▶ [YOUR INSTRUCTIONS]
I'd like every record given again exactly, please.

(Phrase grounding data)
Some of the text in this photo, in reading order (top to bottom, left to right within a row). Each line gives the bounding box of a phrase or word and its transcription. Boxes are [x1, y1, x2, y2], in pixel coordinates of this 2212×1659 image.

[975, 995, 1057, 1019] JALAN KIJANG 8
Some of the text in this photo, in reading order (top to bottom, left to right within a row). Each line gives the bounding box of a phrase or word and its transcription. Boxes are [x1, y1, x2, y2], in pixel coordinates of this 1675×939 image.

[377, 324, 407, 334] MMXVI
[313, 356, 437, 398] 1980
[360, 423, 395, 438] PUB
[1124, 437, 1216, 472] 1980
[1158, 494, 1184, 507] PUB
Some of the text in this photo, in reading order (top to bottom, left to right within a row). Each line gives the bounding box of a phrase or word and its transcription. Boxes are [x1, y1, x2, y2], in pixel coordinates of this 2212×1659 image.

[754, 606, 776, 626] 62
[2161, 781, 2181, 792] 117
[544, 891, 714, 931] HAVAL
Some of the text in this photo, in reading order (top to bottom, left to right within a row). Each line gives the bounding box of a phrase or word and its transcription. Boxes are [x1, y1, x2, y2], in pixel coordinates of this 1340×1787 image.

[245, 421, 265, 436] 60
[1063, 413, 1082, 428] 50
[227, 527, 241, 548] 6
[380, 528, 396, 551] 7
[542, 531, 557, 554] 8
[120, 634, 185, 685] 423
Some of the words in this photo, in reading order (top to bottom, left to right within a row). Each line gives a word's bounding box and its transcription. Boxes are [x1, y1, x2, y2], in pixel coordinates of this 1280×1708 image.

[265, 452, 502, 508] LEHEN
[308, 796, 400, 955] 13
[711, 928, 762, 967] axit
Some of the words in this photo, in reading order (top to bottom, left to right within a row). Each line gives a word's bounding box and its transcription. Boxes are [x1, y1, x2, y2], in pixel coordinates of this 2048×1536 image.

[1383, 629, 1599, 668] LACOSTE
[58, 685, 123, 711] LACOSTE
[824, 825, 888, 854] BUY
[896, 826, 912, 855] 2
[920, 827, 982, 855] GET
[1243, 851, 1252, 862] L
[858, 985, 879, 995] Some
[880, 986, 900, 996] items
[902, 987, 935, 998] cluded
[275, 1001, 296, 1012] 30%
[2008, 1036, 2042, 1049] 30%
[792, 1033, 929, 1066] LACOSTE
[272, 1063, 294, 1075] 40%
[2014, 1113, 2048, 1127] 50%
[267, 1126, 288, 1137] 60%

▶ [EXERCISE SOLUTION]
Some of the text in this photo, in reading order (top to bottom, left to right within a row). Each line gives the bounding box of a phrase or word and its transcription. Boxes are [x1, y1, x2, y2], in pixel coordinates of this 2212×1659 image.

[975, 995, 1057, 1019] JALAN KIJANG 8
Some of the text in this photo, in reading order (top to bottom, left to right within a row). Each line gives the bounding box of a phrase or word and its transcription. Boxes are [x1, y1, x2, y2], in pixel coordinates of this 1675×939 image.

[377, 324, 407, 334] MMXVI
[313, 356, 437, 398] 1980
[360, 423, 395, 438] PUB
[1124, 437, 1216, 472] 1980
[1158, 494, 1184, 507] PUB
Some of the text in this photo, in reading order (top to bottom, left to right within a row). Each line gives the bounding box of a phrase or word and its transcription. Boxes are [x1, y1, x2, y2], in pixel coordinates of this 2212×1659 image.

[754, 606, 776, 626] 62
[2161, 781, 2181, 792] 117
[544, 891, 714, 931] HAVAL
Some of the text in this photo, in reading order (top to bottom, left to right within a row). Each line gives the bounding box of a phrase or word and its transcription. Boxes are [x1, y1, x2, y2], in pixel coordinates of this 1340×1787 image.

[245, 421, 265, 436] 60
[1063, 413, 1082, 428] 50
[227, 527, 241, 548] 6
[380, 528, 396, 551] 7
[542, 531, 557, 554] 8
[120, 634, 185, 685] 423
Some of the words in this photo, in reading order (top to bottom, left to right within a row). Each line gives a word's bounding box and its transcription. Boxes are [x1, y1, x2, y2], in pixel coordinates of this 1280×1708 image.

[265, 452, 502, 508] LEHEN
[308, 796, 400, 955] 13
[711, 928, 762, 967] axit
Some of the words in this photo, in reading order (top to bottom, left to right within a row). Each line gives a word's bounding box and its transcription. Boxes are [x1, y1, x2, y2], in pixel coordinates of this 2048×1536 image.

[1383, 629, 1599, 668] LACOSTE
[58, 685, 123, 711] LACOSTE
[824, 825, 888, 854] BUY
[896, 826, 912, 855] 2
[920, 827, 982, 855] GET
[1243, 851, 1252, 862] L
[858, 985, 879, 995] Some
[880, 986, 900, 996] items
[902, 987, 935, 998] cluded
[275, 1001, 296, 1012] 30%
[2008, 1036, 2042, 1049] 30%
[792, 1033, 929, 1066] LACOSTE
[272, 1063, 294, 1075] 40%
[2014, 1113, 2048, 1127] 50%
[267, 1126, 288, 1137] 60%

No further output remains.